▸ TASK: Restate the whole of the data verbatim, omitting nothing.
____
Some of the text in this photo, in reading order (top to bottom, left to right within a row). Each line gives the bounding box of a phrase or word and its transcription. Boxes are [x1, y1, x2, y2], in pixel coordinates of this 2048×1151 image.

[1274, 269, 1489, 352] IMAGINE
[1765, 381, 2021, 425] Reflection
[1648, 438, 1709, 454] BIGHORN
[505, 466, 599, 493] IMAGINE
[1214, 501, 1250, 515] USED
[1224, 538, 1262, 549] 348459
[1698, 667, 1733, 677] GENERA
____
▸ RESULT:
Some of the text in this photo, in reading order (top to bottom, left to right within a row). Each line gives the bounding box of a phrase or word and its transcription. Boxes are [x1, y1, x2, y2], in pixel coordinates of this 2048×1151 image.

[1274, 269, 1489, 352] IMAGINE
[1765, 381, 2021, 425] Reflection
[1648, 438, 1709, 454] BIGHORN
[505, 466, 599, 493] IMAGINE
[1214, 501, 1250, 515] USED
[1224, 538, 1262, 549] 348459
[1698, 667, 1733, 677] GENERA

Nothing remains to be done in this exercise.